Task details:
Type out each record word for word. Pictures stay out.

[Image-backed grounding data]
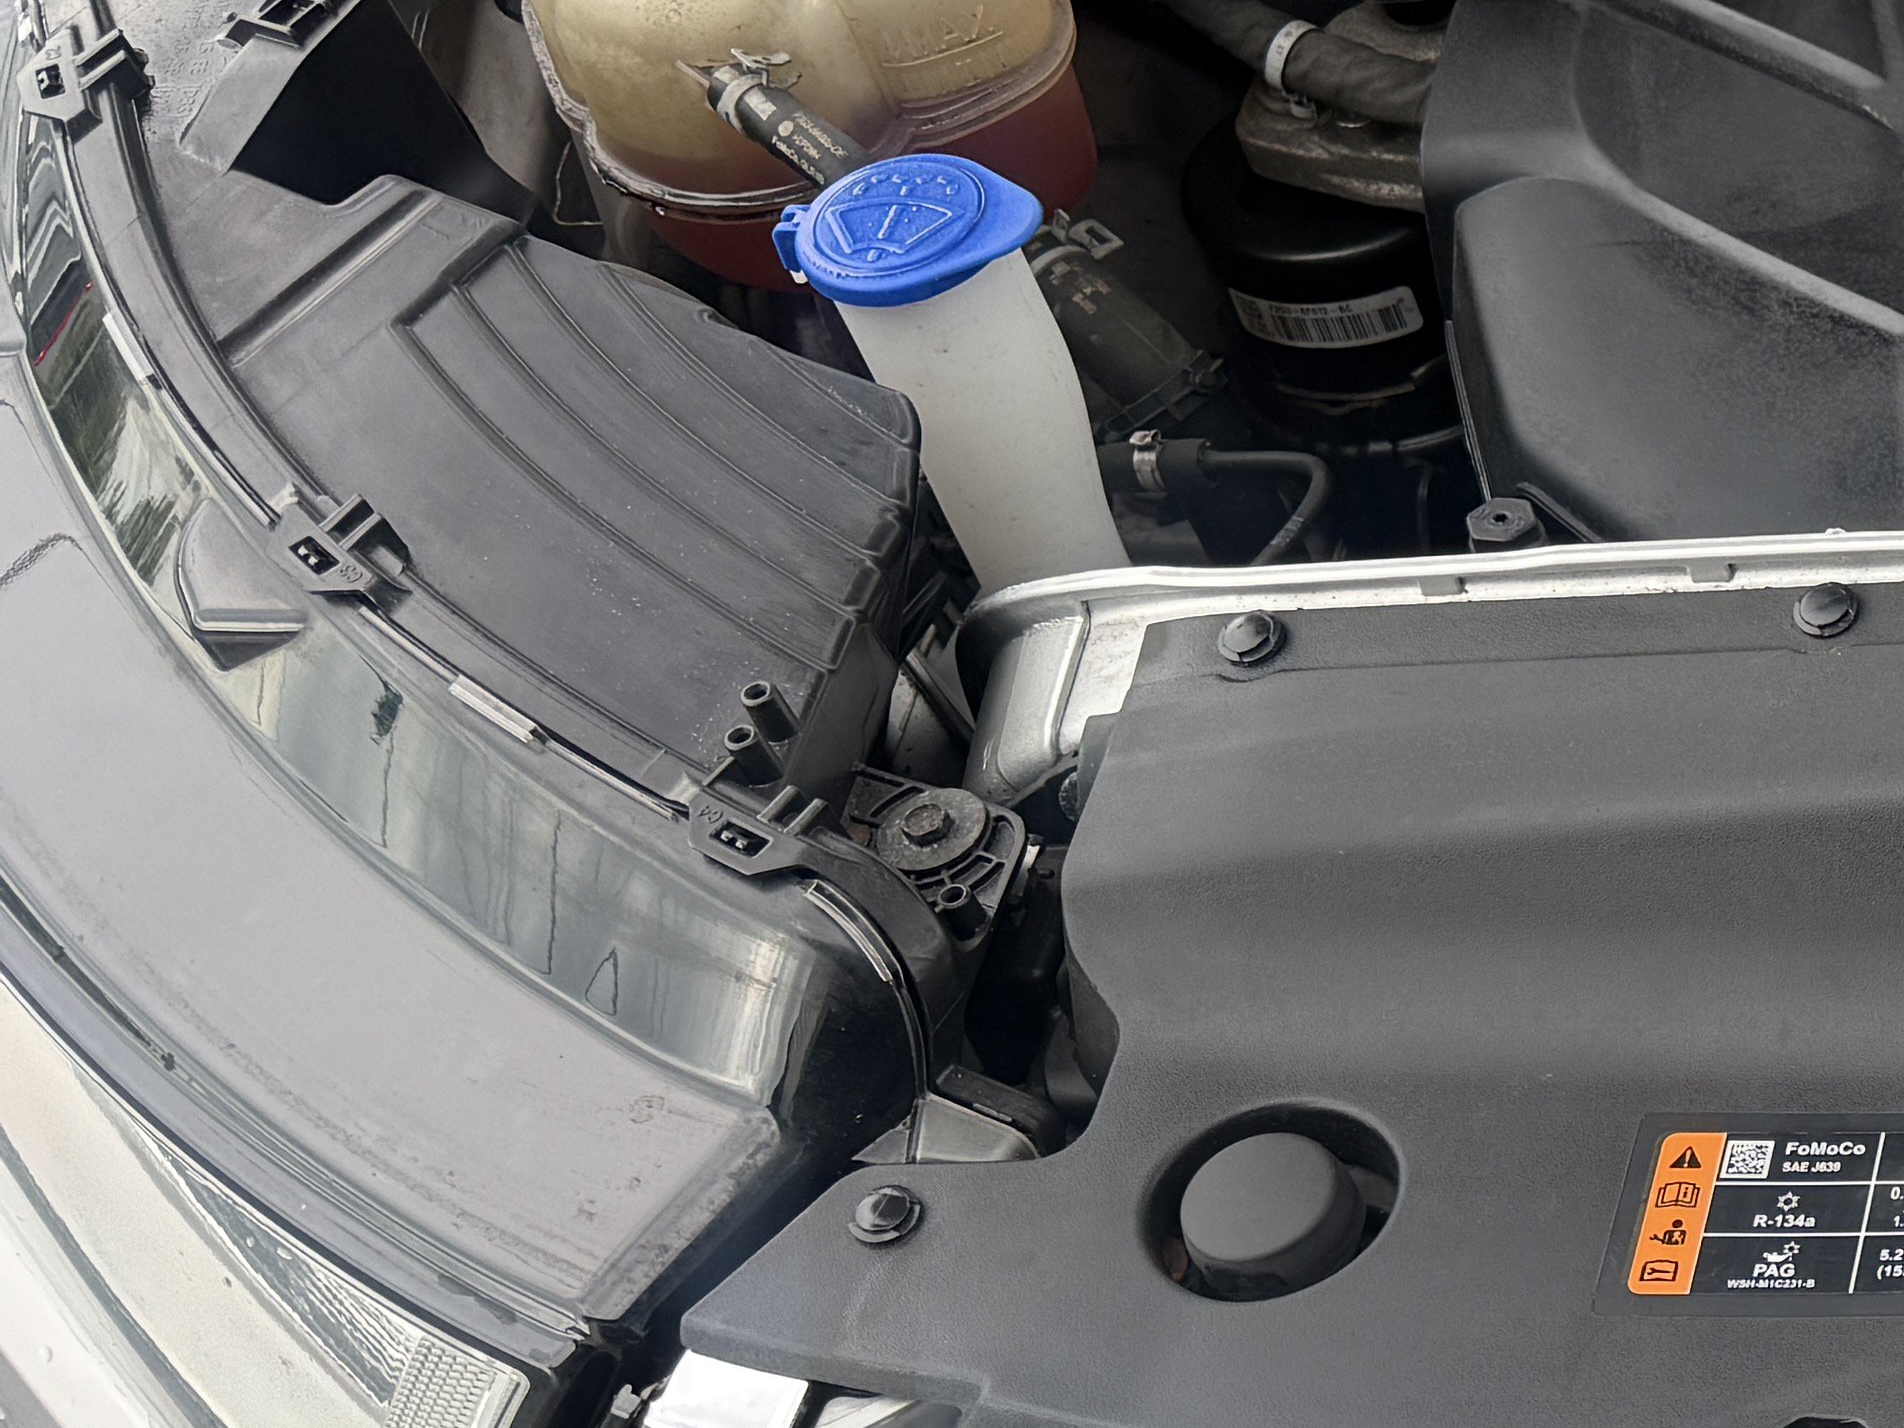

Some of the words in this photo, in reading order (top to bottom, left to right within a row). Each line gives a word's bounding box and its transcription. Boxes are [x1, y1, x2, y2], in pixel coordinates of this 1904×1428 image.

[1785, 1141, 1866, 1156] FoMoCo
[1782, 1162, 1809, 1172] SAE
[1753, 1214, 1816, 1228] R-134a
[1879, 1249, 1904, 1261] 5.2
[1752, 1263, 1796, 1277] PAG

Exercise output:
Some of the words in this photo, in reading order (top to bottom, left to right within a row). Each line gives a word's bounding box and its transcription. Boxes are [x1, y1, x2, y2], in pixel coordinates of this 1904×1428 image.

[1785, 1141, 1866, 1156] FoMoCo
[1782, 1162, 1809, 1172] SAE
[1753, 1214, 1816, 1228] R-134a
[1879, 1249, 1904, 1261] 5.2
[1752, 1263, 1796, 1277] PAG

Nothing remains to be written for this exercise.